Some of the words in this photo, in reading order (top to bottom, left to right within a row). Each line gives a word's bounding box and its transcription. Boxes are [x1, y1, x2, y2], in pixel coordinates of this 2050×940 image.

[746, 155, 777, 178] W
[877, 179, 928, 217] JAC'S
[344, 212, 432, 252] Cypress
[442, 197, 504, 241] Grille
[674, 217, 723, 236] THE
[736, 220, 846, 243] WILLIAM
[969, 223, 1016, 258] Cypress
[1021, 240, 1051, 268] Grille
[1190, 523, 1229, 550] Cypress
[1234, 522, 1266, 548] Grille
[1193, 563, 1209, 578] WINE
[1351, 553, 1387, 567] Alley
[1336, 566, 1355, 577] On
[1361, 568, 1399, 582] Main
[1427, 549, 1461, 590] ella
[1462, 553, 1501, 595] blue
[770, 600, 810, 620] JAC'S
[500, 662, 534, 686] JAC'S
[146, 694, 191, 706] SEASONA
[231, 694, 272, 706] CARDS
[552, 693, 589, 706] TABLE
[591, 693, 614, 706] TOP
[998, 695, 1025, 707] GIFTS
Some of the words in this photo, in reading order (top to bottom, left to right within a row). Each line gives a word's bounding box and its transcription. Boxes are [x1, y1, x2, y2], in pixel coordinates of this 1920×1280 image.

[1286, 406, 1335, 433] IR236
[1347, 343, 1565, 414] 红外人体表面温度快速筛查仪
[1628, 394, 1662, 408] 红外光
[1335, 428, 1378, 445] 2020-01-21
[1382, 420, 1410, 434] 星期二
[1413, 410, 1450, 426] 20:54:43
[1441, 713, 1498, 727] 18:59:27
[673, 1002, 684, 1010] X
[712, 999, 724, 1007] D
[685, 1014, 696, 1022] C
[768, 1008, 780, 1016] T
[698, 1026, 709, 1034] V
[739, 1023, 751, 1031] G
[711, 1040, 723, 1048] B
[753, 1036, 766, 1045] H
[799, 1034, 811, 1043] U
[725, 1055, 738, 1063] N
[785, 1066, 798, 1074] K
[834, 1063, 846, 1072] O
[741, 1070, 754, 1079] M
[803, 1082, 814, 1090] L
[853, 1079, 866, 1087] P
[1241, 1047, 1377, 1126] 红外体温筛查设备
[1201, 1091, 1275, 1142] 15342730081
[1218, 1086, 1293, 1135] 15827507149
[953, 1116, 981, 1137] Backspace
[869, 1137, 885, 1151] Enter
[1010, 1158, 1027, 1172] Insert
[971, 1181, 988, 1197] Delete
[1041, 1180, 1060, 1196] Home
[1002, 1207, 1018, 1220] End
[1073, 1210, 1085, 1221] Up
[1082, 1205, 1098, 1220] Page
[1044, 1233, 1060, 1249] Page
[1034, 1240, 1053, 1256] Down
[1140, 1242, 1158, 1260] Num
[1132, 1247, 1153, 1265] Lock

→ WHAT IS BEING ASKED
Set down the whole of the material again, exactly.

→ RESULT FOR THIS TASK
Some of the words in this photo, in reading order (top to bottom, left to right within a row). Each line gives a word's bounding box and its transcription. Boxes are [x1, y1, x2, y2], in pixel coordinates of this 2050×940 image.

[746, 155, 777, 178] W
[877, 179, 928, 217] JAC'S
[344, 212, 432, 252] Cypress
[442, 197, 504, 241] Grille
[674, 217, 723, 236] THE
[736, 220, 846, 243] WILLIAM
[969, 223, 1016, 258] Cypress
[1021, 240, 1051, 268] Grille
[1190, 523, 1229, 550] Cypress
[1234, 522, 1266, 548] Grille
[1193, 563, 1209, 578] WINE
[1351, 553, 1387, 567] Alley
[1336, 566, 1355, 577] On
[1361, 568, 1399, 582] Main
[1427, 549, 1461, 590] ella
[1462, 553, 1501, 595] blue
[770, 600, 810, 620] JAC'S
[500, 662, 534, 686] JAC'S
[146, 694, 191, 706] SEASONA
[231, 694, 272, 706] CARDS
[552, 693, 589, 706] TABLE
[591, 693, 614, 706] TOP
[998, 695, 1025, 707] GIFTS
Some of the words in this photo, in reading order (top to bottom, left to right within a row). Each line gives a word's bounding box and its transcription. Boxes are [x1, y1, x2, y2], in pixel coordinates of this 1920×1280 image.

[1286, 406, 1335, 433] IR236
[1347, 343, 1565, 414] 红外人体表面温度快速筛查仪
[1628, 394, 1662, 408] 红外光
[1335, 428, 1378, 445] 2020-01-21
[1382, 420, 1410, 434] 星期二
[1413, 410, 1450, 426] 20:54:43
[1441, 713, 1498, 727] 18:59:27
[673, 1002, 684, 1010] X
[712, 999, 724, 1007] D
[685, 1014, 696, 1022] C
[768, 1008, 780, 1016] T
[698, 1026, 709, 1034] V
[739, 1023, 751, 1031] G
[711, 1040, 723, 1048] B
[753, 1036, 766, 1045] H
[799, 1034, 811, 1043] U
[725, 1055, 738, 1063] N
[785, 1066, 798, 1074] K
[834, 1063, 846, 1072] O
[741, 1070, 754, 1079] M
[803, 1082, 814, 1090] L
[853, 1079, 866, 1087] P
[1241, 1047, 1377, 1126] 红外体温筛查设备
[1201, 1091, 1275, 1142] 15342730081
[1218, 1086, 1293, 1135] 15827507149
[953, 1116, 981, 1137] Backspace
[869, 1137, 885, 1151] Enter
[1010, 1158, 1027, 1172] Insert
[971, 1181, 988, 1197] Delete
[1041, 1180, 1060, 1196] Home
[1002, 1207, 1018, 1220] End
[1073, 1210, 1085, 1221] Up
[1082, 1205, 1098, 1220] Page
[1044, 1233, 1060, 1249] Page
[1034, 1240, 1053, 1256] Down
[1140, 1242, 1158, 1260] Num
[1132, 1247, 1153, 1265] Lock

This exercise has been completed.